After making changes, test that the view works correctly and can be updated.
Test the view creation:
-- Drop the old view if it exists
DROP VIEW IF EXISTS your_view_name;
-- Create the corrected view
CREATE VIEW your_view_name AS
SELECT id, name, status
FROM base_table
WHERE status != 'deleted'
WITH CHECK OPTION;
-- Verify updatability
SELECT IS_UPDATABLE
FROM INFORMATION_SCHEMA.VIEWS
WHERE TABLE_NAME = 'your_view_name';
-- Should return 'YES'Test INSERT through the view:
INSERT INTO your_view_name (id, name, status)
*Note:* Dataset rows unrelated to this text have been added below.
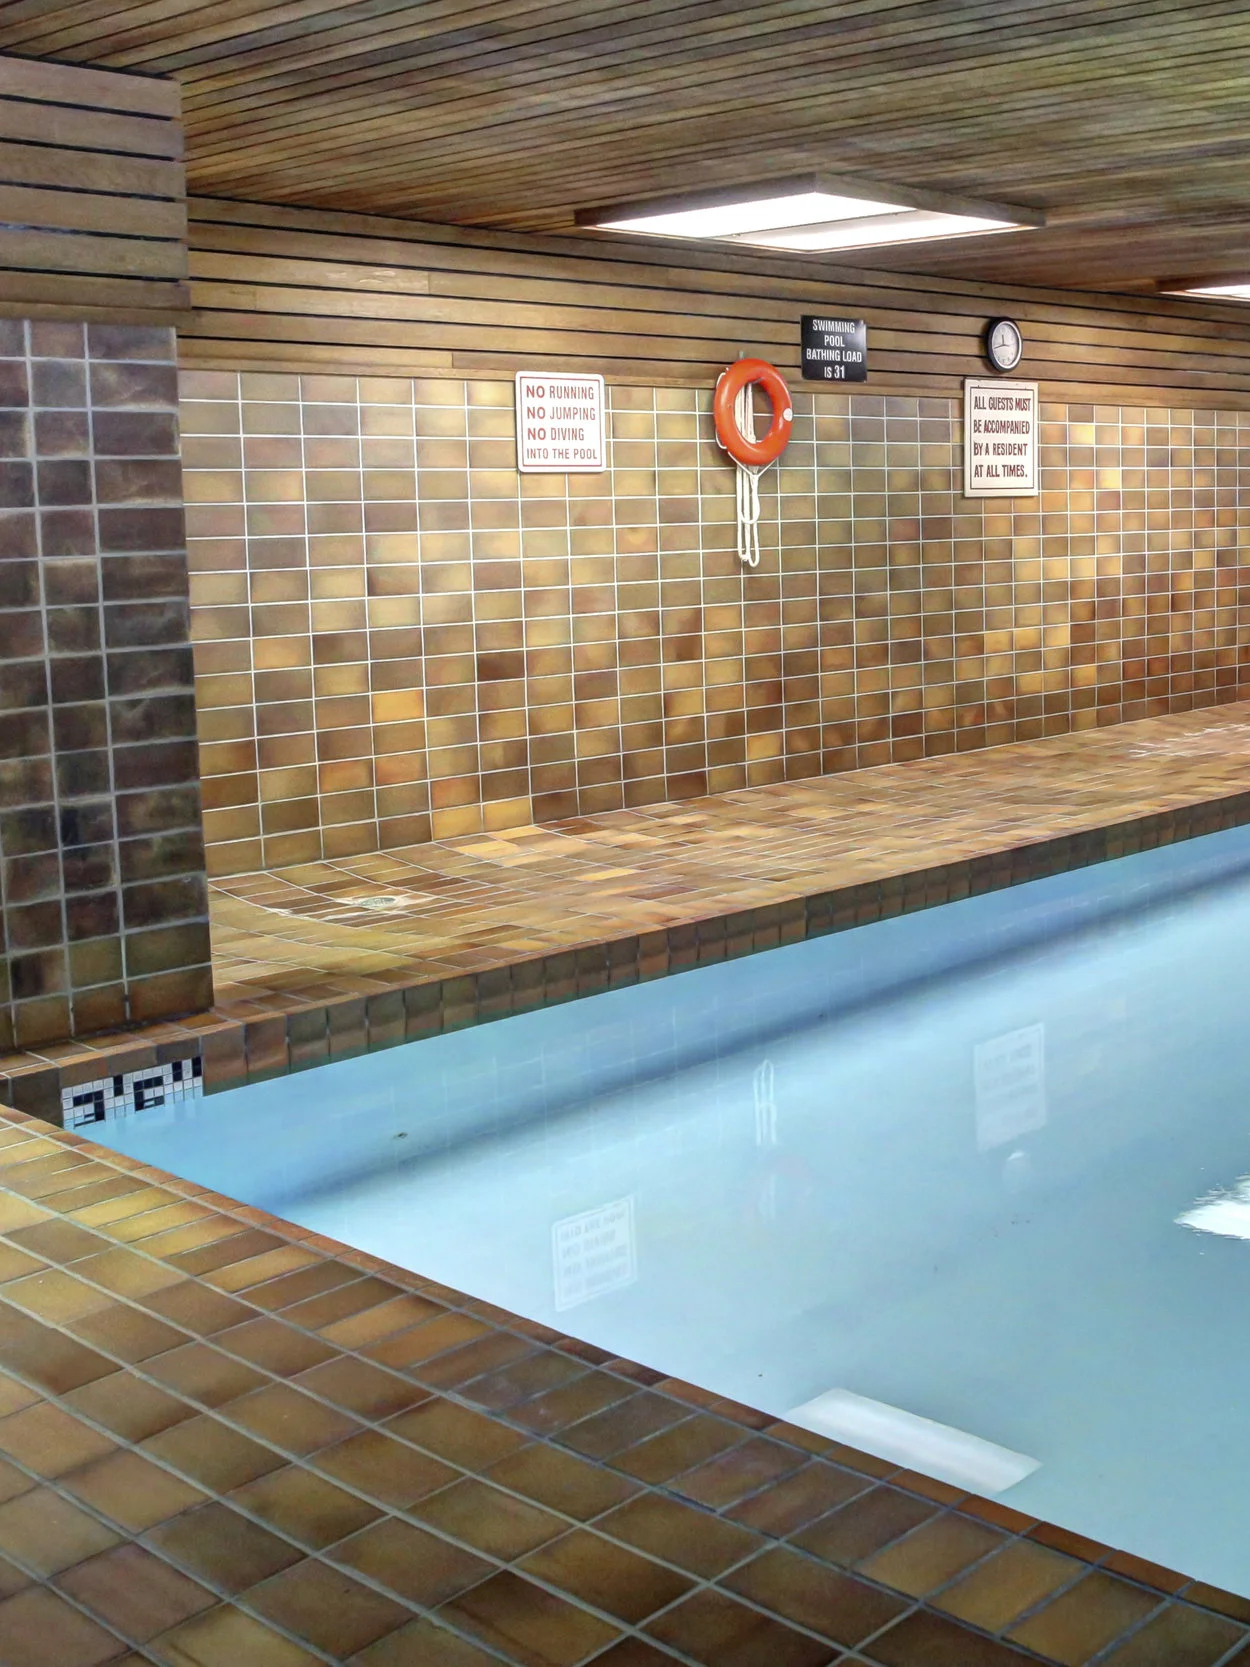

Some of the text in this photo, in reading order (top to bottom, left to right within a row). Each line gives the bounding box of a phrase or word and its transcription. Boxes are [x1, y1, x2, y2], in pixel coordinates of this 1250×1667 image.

[812, 319, 855, 333] SWIMMING
[824, 335, 845, 347] POOL
[806, 348, 862, 362] BATHING LOAD
[824, 365, 845, 378] IS 31
[526, 385, 594, 400] NO RUNNING
[974, 396, 1031, 411] ALL GUESTS MUST
[526, 406, 596, 420] NO JUMPING
[973, 419, 1030, 434] BE ACCOMPANIED
[527, 427, 584, 441] NO DIVING
[526, 448, 597, 460] INTO THE POOL
[973, 442, 1028, 456] BY A RESIDENT
[974, 464, 1028, 478] AT ALL TIMES.
VALUES (1, 'Test Record', 'active');Test UPDATE through the view:
UPDATE your_view_name
SET name = 'Updated Name'
WHERE id = 1;Test that CHECK OPTION is enforced (should fail):
-- This should fail because it violates the WHERE clause
UPDATE your_view_name
SET status = 'deleted'
WHERE id = 1;
-- With CHECK OPTION, this fails because the row would become invisibleIf all tests pass, the view is now properly configured.
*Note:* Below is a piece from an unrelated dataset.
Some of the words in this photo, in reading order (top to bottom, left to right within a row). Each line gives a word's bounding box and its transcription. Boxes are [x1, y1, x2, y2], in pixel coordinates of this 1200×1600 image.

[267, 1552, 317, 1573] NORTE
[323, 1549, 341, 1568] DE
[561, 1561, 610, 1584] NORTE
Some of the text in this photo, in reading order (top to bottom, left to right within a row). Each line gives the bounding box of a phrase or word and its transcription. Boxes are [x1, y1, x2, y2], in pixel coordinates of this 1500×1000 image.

### Understanding View Updatability
A MySQL view is updatable only if there's a one-to-one relationship between rows in the view and rows in the underlying table(s). This is a fundamental requirement because UPDATE and DELETE operations need to identify exactly which base table rows to modify.
Non-updatable constructs and why:
1. Aggregate functions (COUNT, SUM, etc.) - Multiple rows collapse into one result row. Can't update a collapsed row back to multiple rows.
2. GROUP BY clause - Multiple base rows map to one group. The reverse mapping is ambiguous.
3. HAVING clause - Further filters groups. Violates the one-to-one mapping.
4. DISTINCT - Removes duplicate rows. The distinct result might represent multiple base rows.
5. UNION - Combines results from multiple queries. Can't determine which source table to update.
6. Subqueries in SELECT - Adds computed columns that don't map to base table columns.
7. TEMPTABLE algorithm - Creates temporary results that aren't directly connected to base tables.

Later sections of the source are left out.